According to Alfredo I. Ayala,
Live It chief executive, Integreon Managed Solutions bought Datum
Legal Inc. for about $10 million, including working capital
infusion, from private investors in New York. Integreon is majority
owned by Live It, which is fully owned by Ayala Corp.
The conglomerate also owns 22
percent of business process outsourcing firms eTelecare Global
Solutions Inc. and 100 percent of Affinity Express.

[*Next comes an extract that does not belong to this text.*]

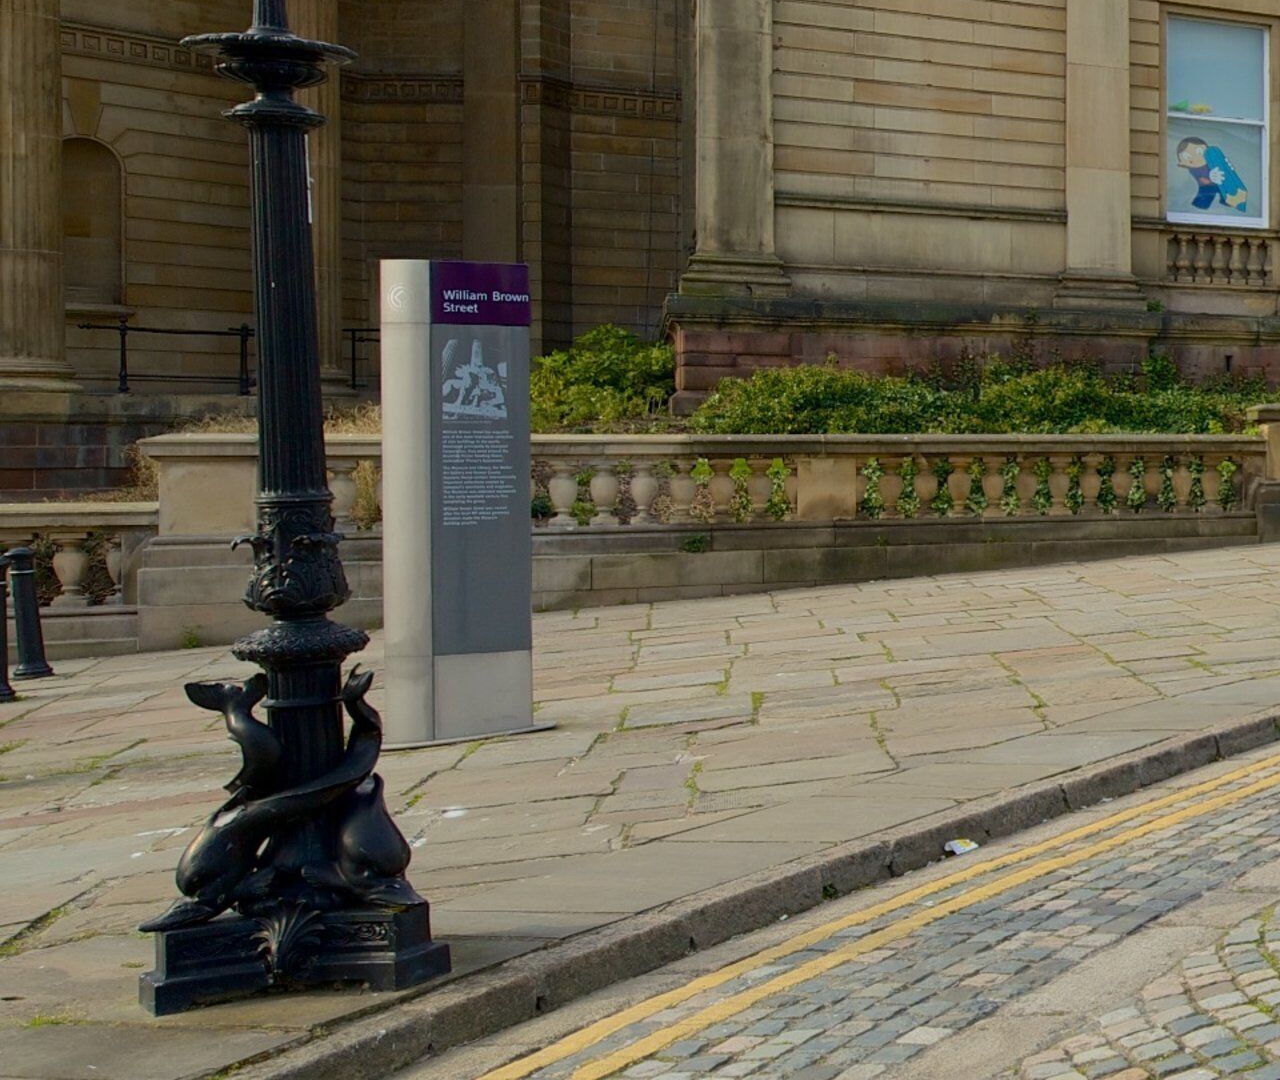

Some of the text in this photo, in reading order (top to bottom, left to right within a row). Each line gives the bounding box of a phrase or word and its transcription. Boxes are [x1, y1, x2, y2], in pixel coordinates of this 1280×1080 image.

[443, 290, 529, 302] William Brown
[443, 302, 479, 313] Street

Integreon said legal process
outsourcing would now account 30 percent of the company’s total
technology-driven portfolio. With the acquisition of Datum, the
company sees a 60-percent growth in revenues by yearend. Financial
integration would only come in by the second half of the year, Ayala
said. Last year, Integreon’s revenues jumped 144 percent with the
acquisition of CBF Group Inc., a US-based company providing 24-hour
administrative services to lawyers.
If the full-year revenue
contribution of Datum would be incorporated in Integreon’s total
for this year, then the parent firm’s revenue will grow 80
percent, Ayala said.
With the purchase of Datum, its
parent firm also launched a fixed price per document e-Discovery and
accelerated document review solution that will “enable
corporations to drastically and predictably reduce litigation costs
and improve the quality and speed of review,” the company said in
a statement.
After the buyout, Datum will now
be re-branded as Integreon and its 35 employees in Manhattan will
join the parent company. Ayala said the company will also beef up
its litigation review capability in the Philippines by increasing
its pool of lawyers from 20 to 100 by year-end to complement
operations in the US.
Now that it has a complete suite
of litigation support services, Integreon can work on the electronic
data discovery (EDD) that uses a search software to cut down the
number of documents for review by lawyers. When the relevant
documents are pared down, these are reviewed by Integreon’s
lawyers, bringing down the number of documents from 500,000 to
30,000. The streamlined sets of documents are then hosted in a
database that its clients can access anywhere in the world through
the Internet.
“We are a trusted provider of
law firms and general counsel. That’s a very difficult place to
get to because all of [this] information is extremely confidential,
important and no room for error. If you miss one document, you miss
the smoking gun so you can’t win your case. We [are] already in
the trusted space because we have been serving these guys for a long
time,” Ayala said.
EDD is “exploding in the US”
and aside from law firms, corporations also demand data mining from
back-office service providers, the company said. Because of this,
the Integreon chief executive is upbeat about growth prospects in
this area.
While it is growing its present
business lines like document management, research and analytics and
legal services, Integreon will still be on the look out for other
opportunities in the KPO space, Ayala said, adding “nothing is on
the front burner yet.”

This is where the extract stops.